In his 1926 article “Directness of the Intellect – Detours of Technology” (bauhaus, no. 1, 1926), Moholy-Nagy wrote that “‘detours of technology’ means, that in reality all paths for the achievement of a goal are longer and more complicated than they should be when seen by the mind.” While he has often been seen as a techno-centric engineer-artist, this statement is an indication of the fact that, on closer examination, Moholy-Nagy almost always privileged ideas and the senses over technology, both in his writings and in his art. This combination of intellectualism and sensuality rooted in his upbringing and his education are powerfully in evidence in his early poetry, and it is the poetic nature of his later work that is often overlooked. During the early years of his artistic career, from 1916 to 1923, Moholy-Nagy took a number of “technical detours” in his work. He lacked the kind of coherent vision in his art and thinking that could have avoided these byways. But during these years, he was alsoexraordinarily open to new ideas and new ways of thinking about living, and the sheer wealth of these new ideas is precisely what makes this period of his career so fascinating. By the summer of 1922, he had combined these ideas in an original manner and was well on his way to formulating a particular synthesis of pedagogy and aesthetics, the balance of “nature” and “technology,” as he put in an article he wrote for the Kolozsvár journal Korunk in 1933.
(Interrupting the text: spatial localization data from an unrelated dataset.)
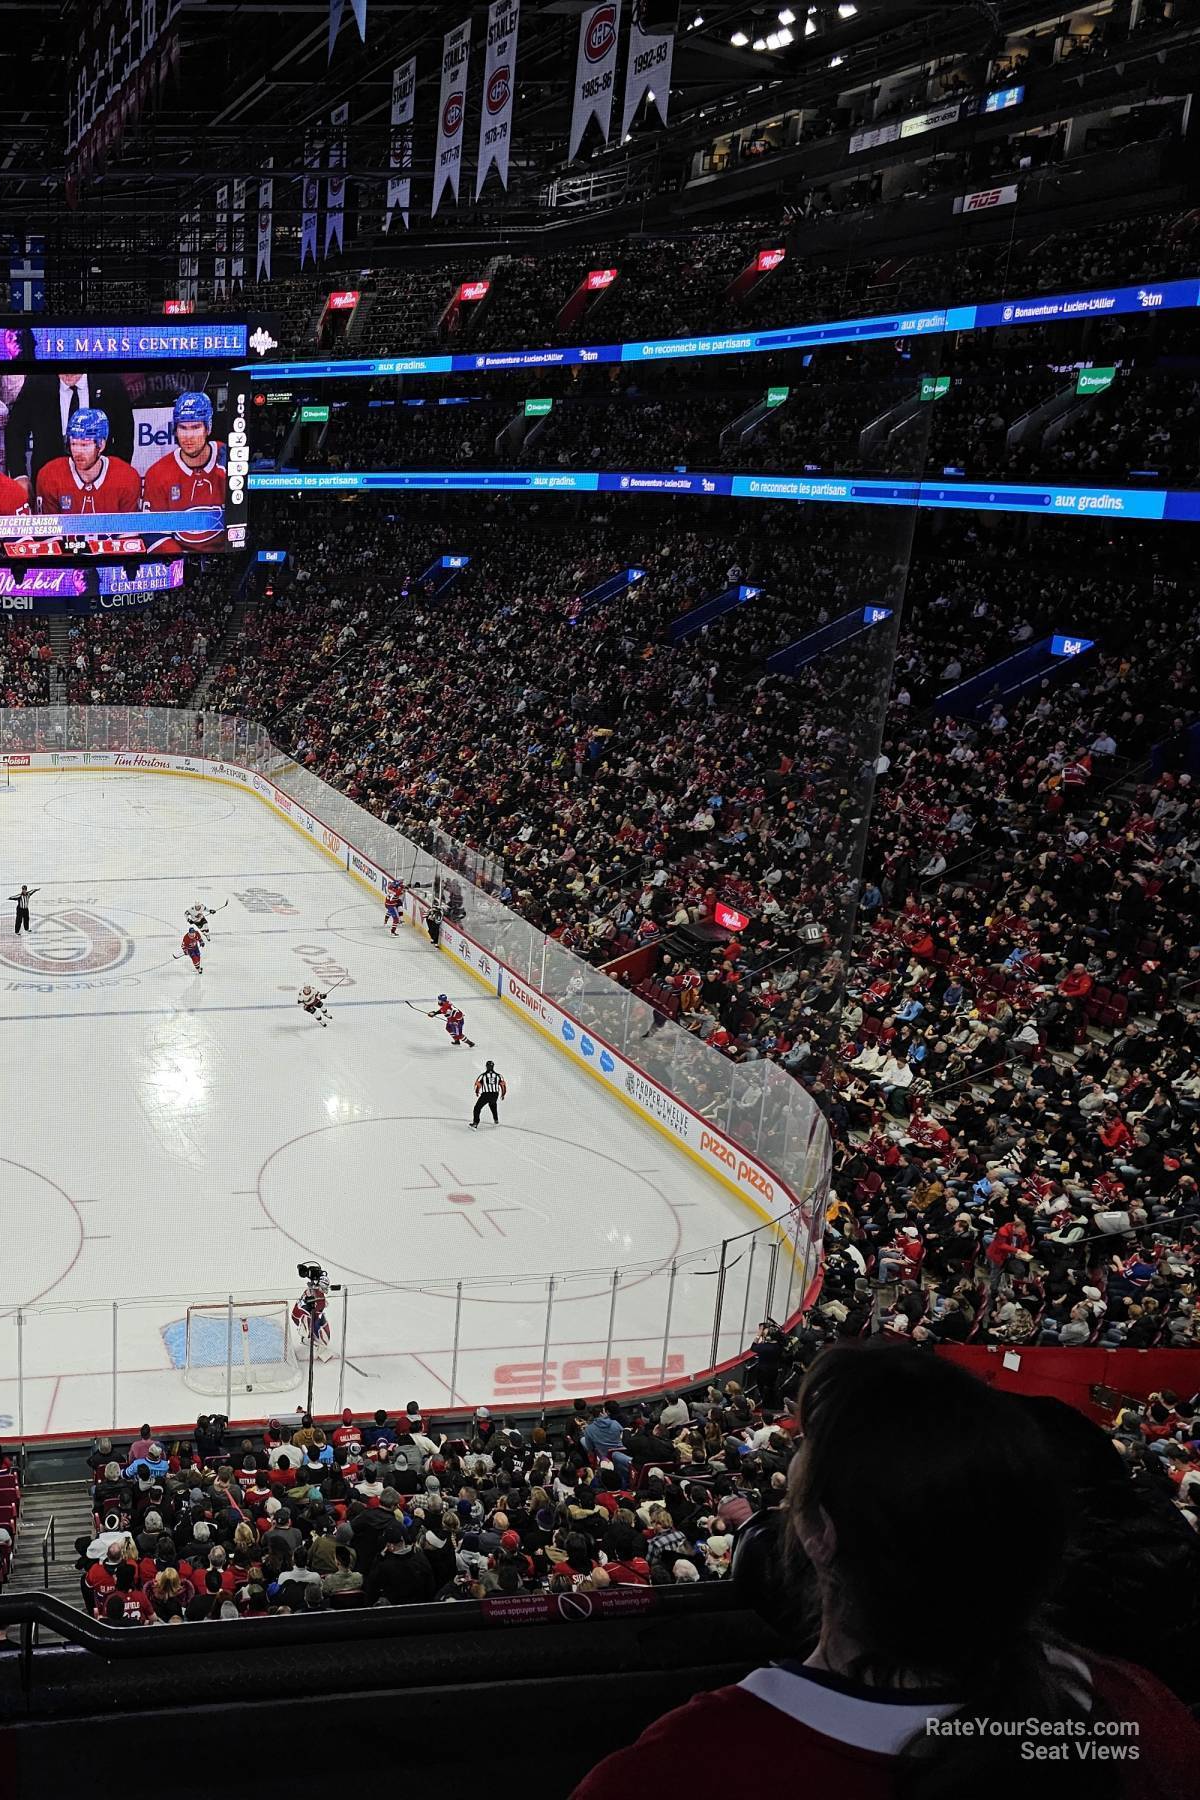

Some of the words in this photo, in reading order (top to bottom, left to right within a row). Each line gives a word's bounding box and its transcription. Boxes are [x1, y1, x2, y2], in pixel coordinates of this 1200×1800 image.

[634, 42, 668, 75] 1992-93
[581, 70, 613, 101] 1985-86
[1141, 291, 1163, 307] stm
[1015, 304, 1058, 318] Bonaventure
[46, 338, 65, 353] 18
[75, 337, 131, 352] MARS
[138, 336, 199, 351] CENTRE
[203, 334, 242, 350] BELL
[642, 344, 654, 356] On
[655, 341, 697, 354] reconnecte
[698, 339, 711, 351] les
[712, 336, 751, 353] partisans
[901, 318, 916, 330] aux
[486, 355, 521, 365] Bonaventure
[582, 349, 599, 361] stm
[378, 361, 394, 372] aux
[395, 359, 427, 373] gradins.
[257, 475, 303, 486] reconnecte
[304, 475, 317, 485] les
[318, 475, 359, 487] partisans
[534, 477, 548, 486] aux
[548, 475, 577, 488] gradins.
[750, 481, 760, 492] On
[761, 481, 798, 494] reconnecte
[799, 482, 811, 495] les
[811, 483, 847, 498] partisans
[1055, 495, 1076, 508] aux
[1078, 494, 1125, 511] gradins.
[114, 754, 134, 766] Tim
[134, 755, 170, 769] Hortons
[808, 927, 819, 940] 10
[700, 1131, 736, 1170] pizza
[738, 1161, 773, 1203] pizza
[489, 1608, 506, 1617] vous
[507, 1606, 535, 1617] appuyer
[536, 1604, 549, 1613] sur
Inspired by this two-sided painting looking back to the artist’s unsettled early years and forward to his successful career, this exhibition concerns Moholy-Nagy’s artistic development up to the time he was hired to the Bauhaus early in 1923. We sincerely hope that our reconsideration of his early years will result in fresh understandings of him as an important Hungarian artist, art educator, and theorist.